Yuki was surprised by Giftos’s decision. He was leaving her version of Marc Christopher’s night-from-hell story uncontested in the jury’s mind until he put on his case. Normally, that would be a risky, even reckless move. But Giftos wasn’t reckless. He had a plan. What was it?
“Ms. Castellano,” the judge said.
“Yes, Your Honor. The People call Officer Phyllis Chase.”
The bailiff opened the heavy wooden door at the front of the room, and Officer Chase, wearing khaki pants and a blue blazer, sporting a choppy blond haircut, entered the room and strode up the aisle. She was sworn in at the witness stand, and after she’d taken her seat, Yuki approached her.
Yuki had had a good feeling about this Sex Crimes cop from the first time she met her. She was absolutely professional and confident. She was a perfect witness.
Yuki elicited preliminary information from Chase—where she worked and when she’d received Marc Christopher’s call saying that he had been sexually assaulted.
“Please go on,” Yuki said.
“My partner, Officer Phil Thompson, and I invited Mr. Christopher down to the station and took his statement.”
Yuki asked the officer a series of questions about the interview, and Chase answered that she had observed fading bruises on Mr. Christopher’s wrists and ankles that appeared to be ligature marks. Photos had been taken, and after that Chase and Martinez had accompanied Mr. Christopher to his apartment, where he showed them the clock that was also a low-tech recording device.
Yuki guided Officer Chase through her testimony that the recorder and the video had been reviewed by the techs at the SFPD, that Ms. Hill had been brought in for questioning.

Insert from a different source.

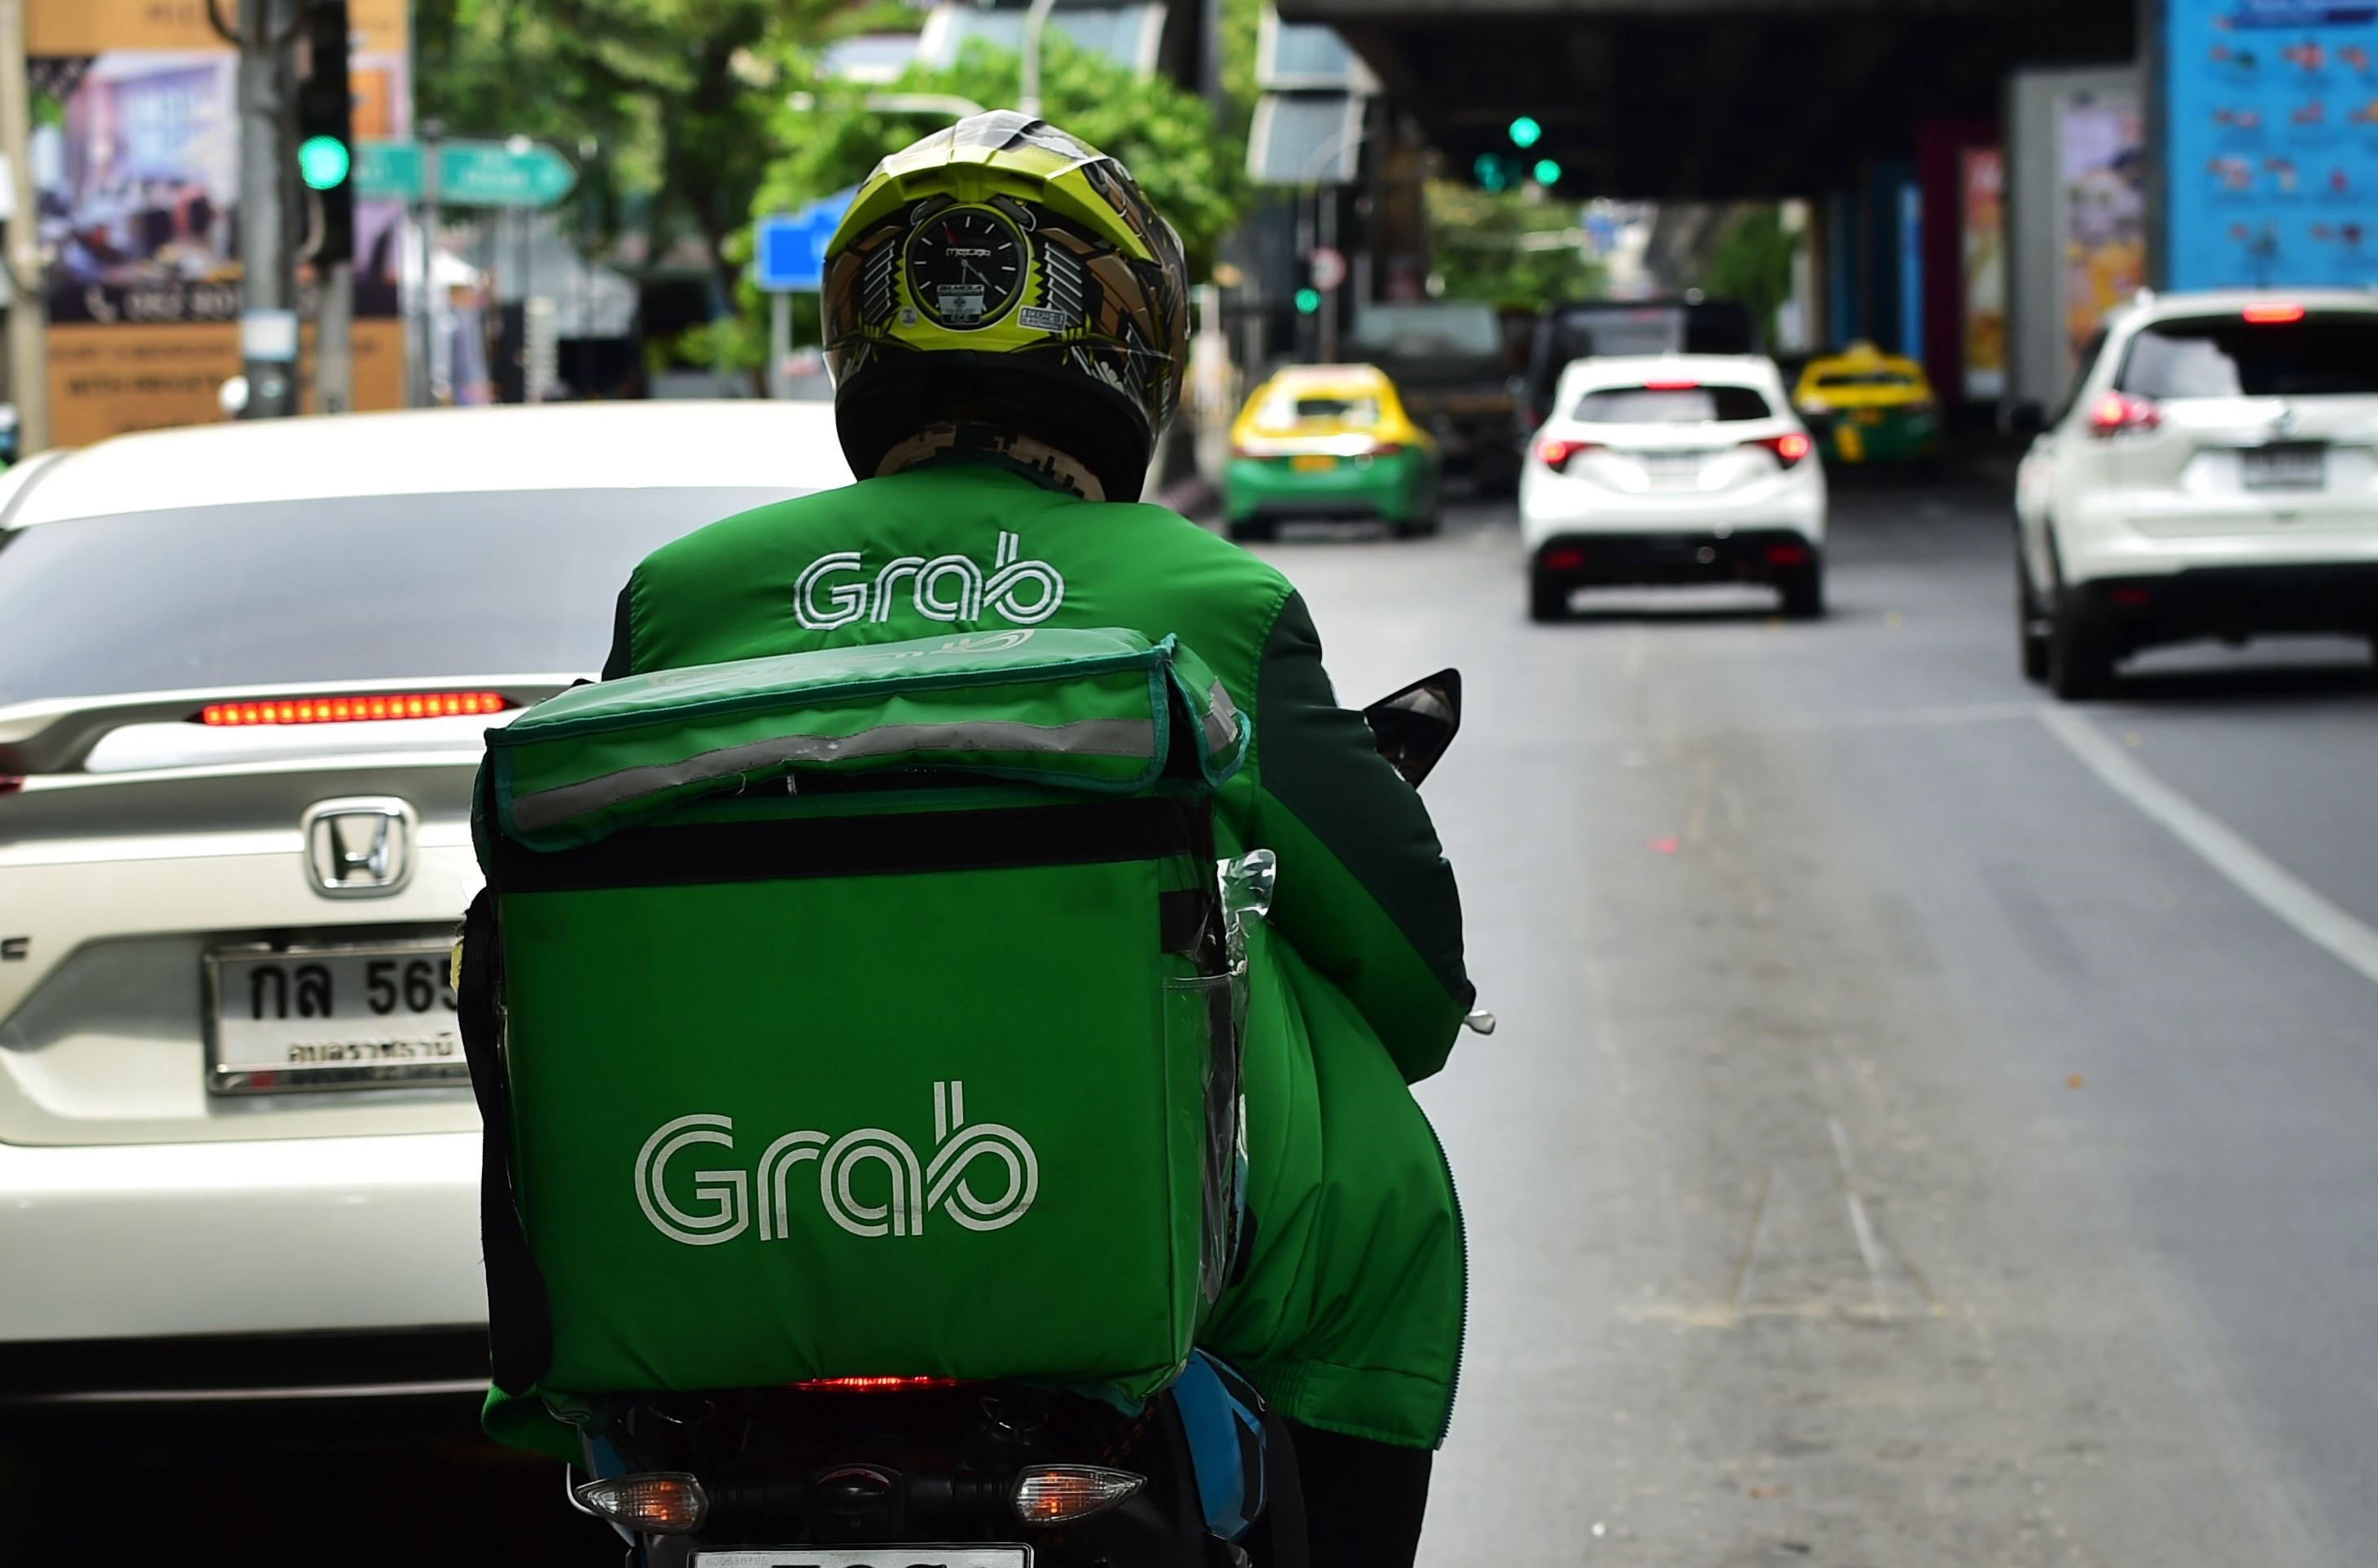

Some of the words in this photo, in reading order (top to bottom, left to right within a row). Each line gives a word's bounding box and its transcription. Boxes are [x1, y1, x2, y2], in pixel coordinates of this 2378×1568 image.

Chase said, “She denied that a rape had taken place. She said the sex was consensual. We showed the recording to the DA’s office, and then we arrested Ms. Hill and logged in her S&W .38 handgun.”
Briana Hill put her folded arms down on the defense table, lowered her head, and began sobbing softly.
Yuki showed the photographs of Marc Christopher’s faded bruises to Chase, who said, “Yep, I took those photos.”
Yuki passed the photos to the jury foreman, and then, after entering them into evidence, she thanked Officer Chase for her testimony.
“Your witness,” Yuki said to James Giftos.
Giftos had his arm around his client’s shaking shoulders, and he spoke from his seat. “No questions,” he said.
Of course Giftos had no questions. Chase was unimpeachable. Yuki was thinking ahead to her next witness when Rathburn called for a lunch recess.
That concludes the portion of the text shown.